- Natrampalli Location in Tamil Nadu, India
- Coordinates: 12°35′N 78°33′E﻿ / ﻿12.59°N 78.55°E
- Country: India
- State: Tamil Nadu
- District: Tirupattur district
- Elevation: 196 m (643 ft)

Population (2001)
- • Total: 9,076

Languages
- • Official: Tamil
- Time zone: UTC+5:30 (IST)
- PIN: 635852
- Telephone code: 04179
- Vehicle registration: TN-83
- Nearest city: Tirupattur
- Lok Sabha constituency: Thiruvannamalai
- Vidhan Sabha constituency: Jolarpet

= Natrampalli =

Natrampalli is a selection grade panchayat town and Taluk in Tirupattur district in the Indian state of Tamil Nadu.
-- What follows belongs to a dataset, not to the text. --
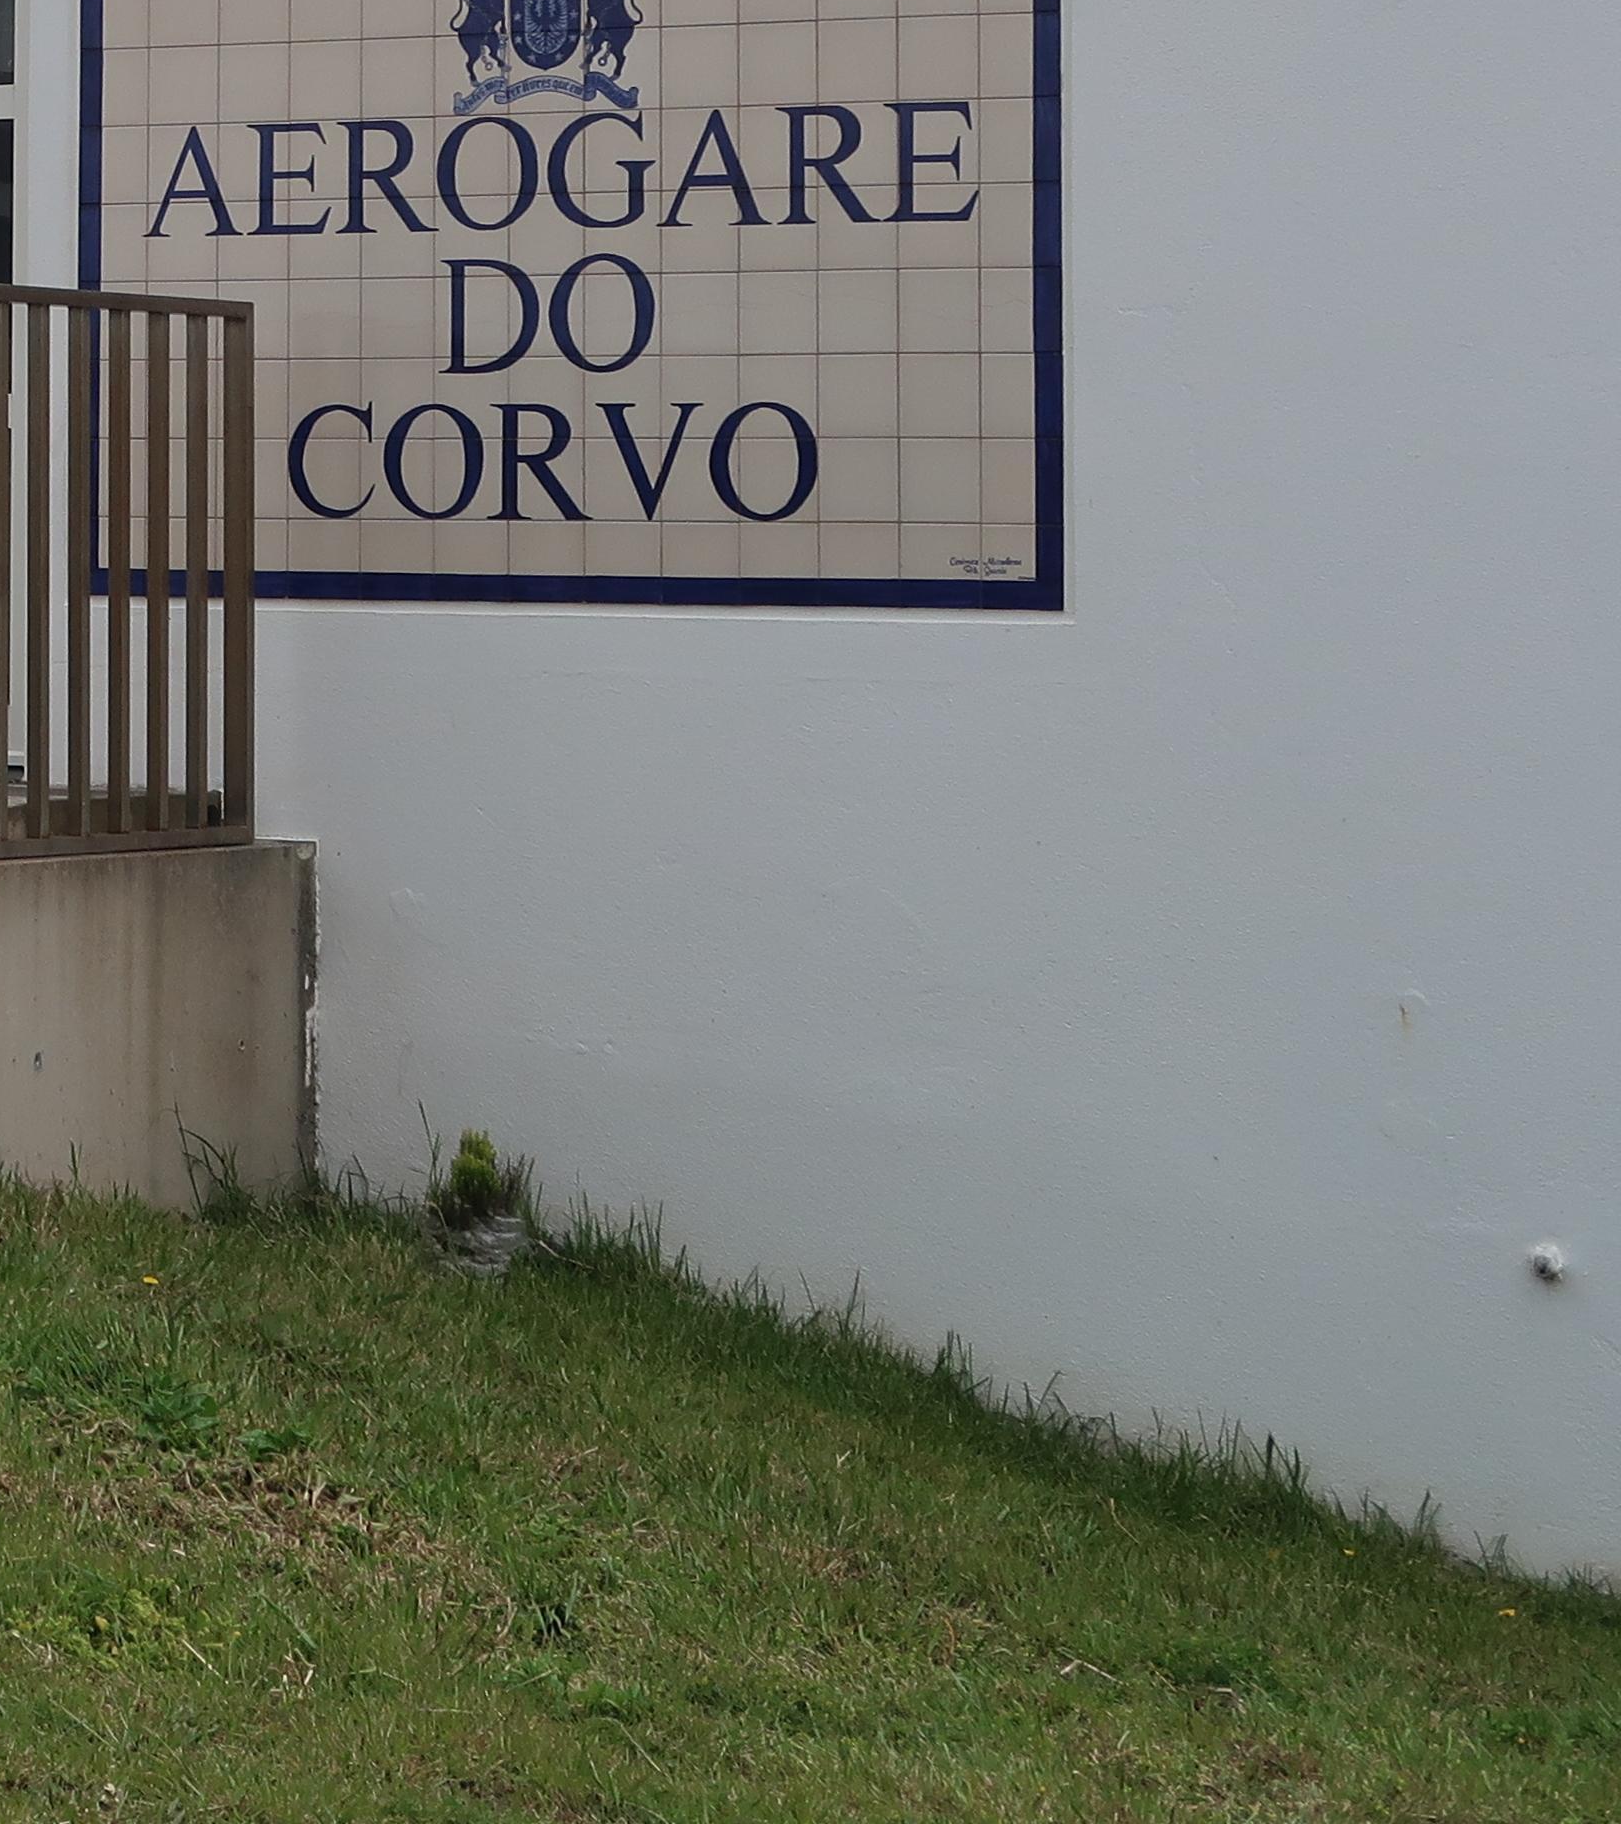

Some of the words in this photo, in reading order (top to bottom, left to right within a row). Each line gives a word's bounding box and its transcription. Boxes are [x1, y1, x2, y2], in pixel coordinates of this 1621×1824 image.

The Natrampalli block is a revenue block in the Tirupattur district of Tamil Nadu, India.

==Demographics==
As of 2001 India census, Natrampalli had a population of 9,076. Males constitute 49% of the population and females 51%. Natrampalli has an average literacy rate of 71%, higher than the national average of 59.5%: male literacy is 77%, and female literacy is 64%. In Natrampalli, 12% of the population is under 6 years of age.

==Politics==
- State assembly constituency (Jolarpettai).
- Natrampalli assembly constituency is part of Tiruvannamalai (Lok Sabha constituency).